Nos vamos de cotillón
La verdadera sensación de fiesta de prom parece obtenerse a través del cotillón a lo grande. Discoteca, serpentina, dress code, vestidos historiados, tacones insufribles, trajes grandes y hasta barra libre. Nunca he estado en una celebración así, pero me han contado algunas cosas. A los dieciséis años, Isabel asistió a esta clase de cotillón masivo con un vestido de lycra blanco, plataformas y dos amigas. Se emborracharon muy rápido y decidieron que la diversión más genuina de la noche la iban a sacar de besar a cuantos más chicos mejor a lo largo de la discoteca. Lo conseguían con uno nuevo, se quedaban unos minutos y pronto salían corriendo en busca del siguiente. Dos de ellas vomitaron, una en la propia pista de baile y otra en la calle. Todas volvieron a casa andando con los zapatos en la mano porque no fueron capaces de encontrar un taxi. Madre mía, con el frío que se pasa buscando taxi.

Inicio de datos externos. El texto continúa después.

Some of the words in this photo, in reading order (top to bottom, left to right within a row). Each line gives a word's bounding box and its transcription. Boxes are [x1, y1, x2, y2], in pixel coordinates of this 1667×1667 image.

Lo más atractivo de esta fiesta tan cara y elaborada que requiere que te presten por primera vez una chaqueta y que no sea de tu talla es cómo acaba la pandilla, el resultado final, la obra de arte.
Hemos alquilado un local
Siempre admiré este plan, es cómodo, práctico, cunde porque normalmente alquilas el espacio para más días y da para muchas historias. El problema, a menudo, reside justo ahí. Vi a la policía aparecer para intervenir en un local alquilado por unos chicos de mi barrio que a 26 de diciembre ya habían acabado mucho más borrachos de lo que los vecinos podían soportar. Alrededor de sus dominios sonaban Maná, Prodigy y sonidos animalescos todo el día.

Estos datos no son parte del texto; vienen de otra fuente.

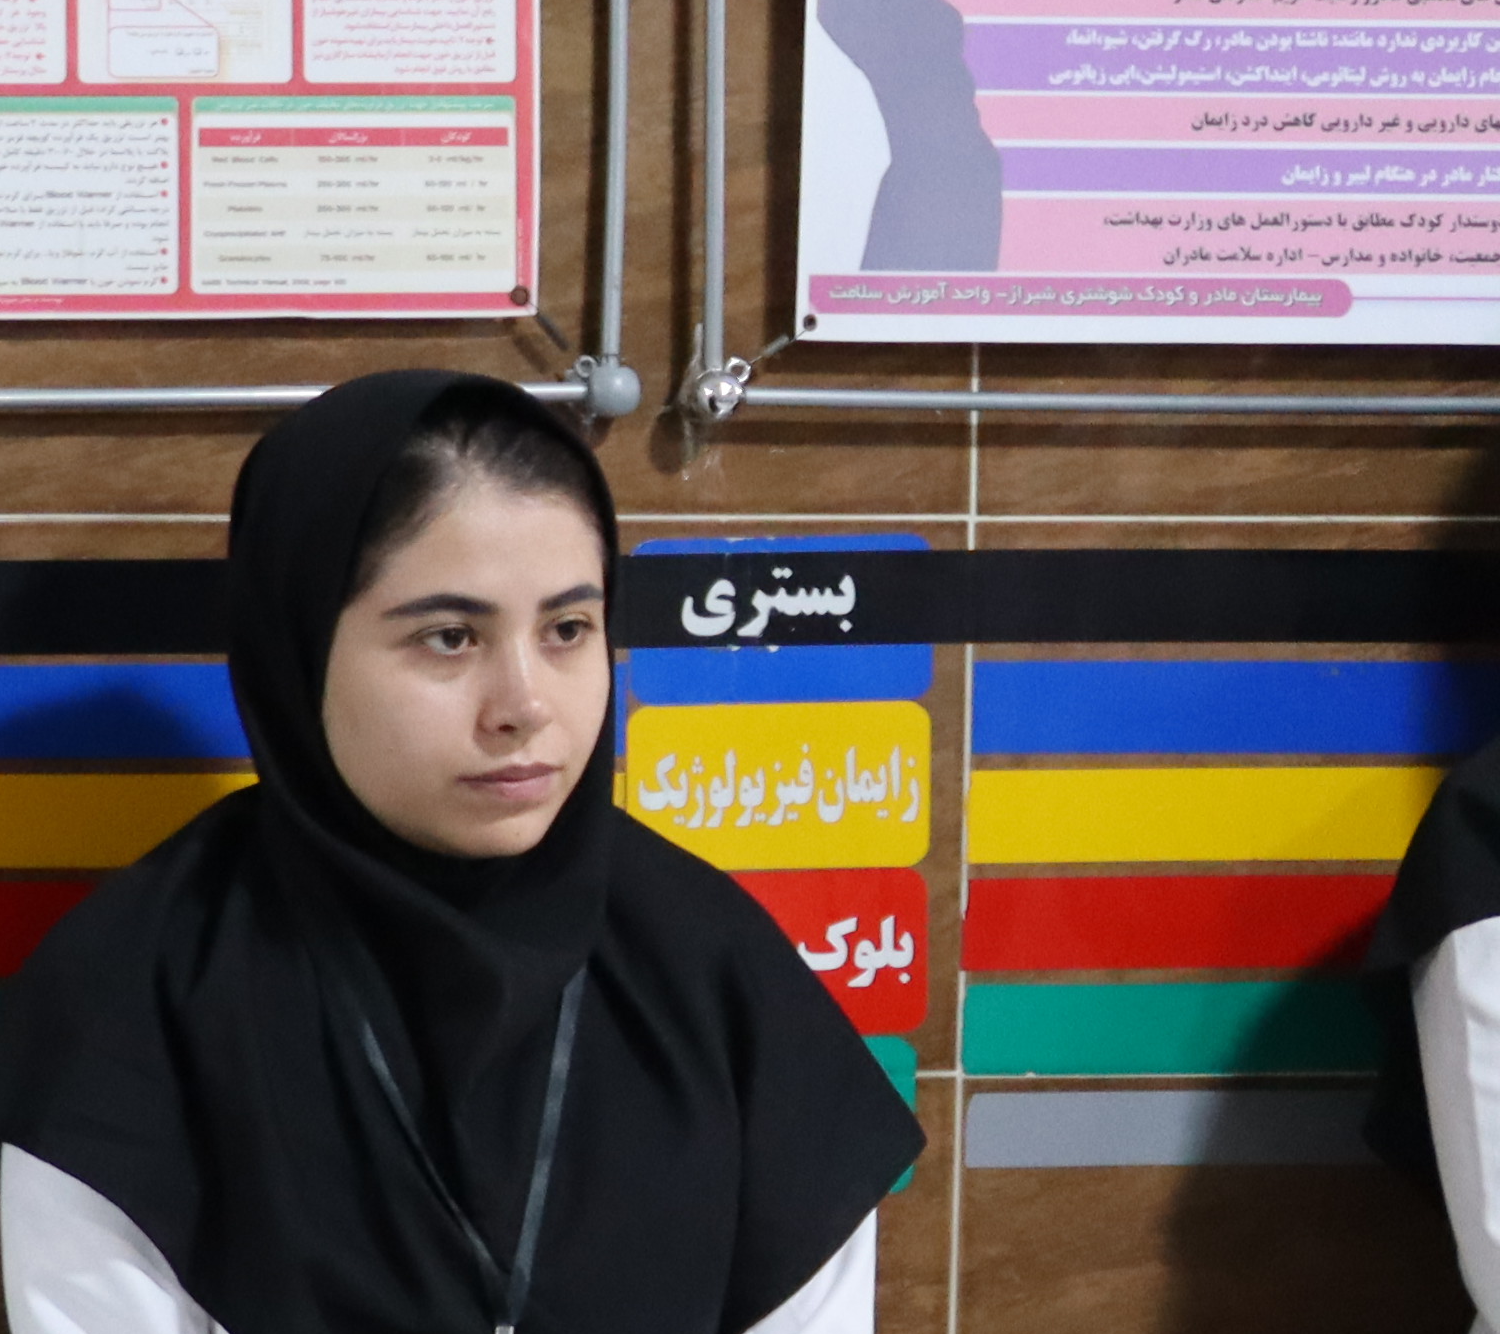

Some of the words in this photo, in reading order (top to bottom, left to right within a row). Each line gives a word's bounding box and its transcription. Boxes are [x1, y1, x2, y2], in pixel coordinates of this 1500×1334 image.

[1190, 111, 1238, 132] زایمان
[1242, 111, 1268, 132] درد
[1273, 111, 1316, 132] کاهش
[1321, 111, 1373, 132] دارویی
[1378, 111, 1401, 132] غیر
[1405, 111, 1414, 132] و
[1418, 111, 1470, 132] دارویی
[1168, 213, 1214, 233] وزارت
[1218, 213, 1246, 233] های
[1337, 213, 1348, 233] با
[1352, 213, 1395, 233] مطابق
[1400, 213, 1443, 233] کودک
[1162, 247, 1211, 268] مادران
[1216, 247, 1264, 268] سلامت
[1267, 247, 1304, 268] اداره
[1322, 247, 1373, 268] مدارس
[1379, 247, 1387, 268] و
[1390, 247, 1442, 268] خانواده
[828, 281, 883, 307] سلامت
[887, 281, 948, 307] آموزش
[951, 281, 991, 307] واحد
[1061, 281, 1134, 307] شوشتری
[1140, 281, 1185, 307] کودک
[1190, 281, 1199, 307] و
[1203, 281, 1237, 307] مادر
[1241, 281, 1323, 307] بیمارستان
[681, 567, 856, 637] بستری
[638, 743, 816, 828] فیزیولوژیک
[817, 746, 919, 823] زایمان
[797, 915, 915, 987] بلوک

En 1999 Rosa Ponce y algunas amigas más habían pagado para ir a una fiesta que se iba a celebrar en un garaje al lado de su casa, en Castilleja de la Cuesta: "Era el típico local que habían alquilado los guays para toda la semana de Navidad, así que había varias fiestas los días de antes. No conocíamos a nadie y nos invitaron de rebote. El día 28 hicieron una fiesta de disfraces, hubo una pelea con navajazos y nos cerraron el local, así que la primera fiesta mía fue en casa de una de mis amigas, nosotras solas. Al año siguiente fuimos al mismo garaje y nos fue bien con el vodka con limón en la esquinita".
Los excesos al alcance son muchos. La apariencia, la bebida, la comida: "Una amiga trajo a nuestro local huevos rellenos de su cena. Ella los iba ofreciendo sin parar casi cayéndose con los tacones y al final nos los comimos todos. Acabamos potando cuatro personas, se distinguía que era el mismo tipo de vómito perfectamente. Al rato, ya de día, me lié con ella", me cuenta Juan Carlos, que fue uno de los que vomitó.
Lo que surja
Beatriz Lobo conoció también el doble exceso de vomitarse el vestido y de la primera experiencia sexual gracias al carácter explosivo del fin de año. Durante esa noche extraña en la que parece reinar el imperativo de que algo te tiene que pasar, a veces se tienen ideas inesperadas que, gracias a la valentía del momento y a la sensación engañosa de que todo el mundo está haciendo lo mismo, te conducen a terrenos divertidos pero a menudo pantanosos.
Ana Sanfrutos recuerda así su primera gran noche de aventura: "Atuendo del Bershka estupendo y abrigo de mi madre, el abrigo de mi hermano era de mi padre, de los setenta. Anduvimos mi hermano y yo dos kilómetros hasta el pueblo e hicimos botellón en una casuchita, Billantine's con Coca Cola a muerte. Luego me escapé cieguísima con un chico y nos enrollamos en un pozo que había. Después para la casa otros dos kilómetros por la carretera".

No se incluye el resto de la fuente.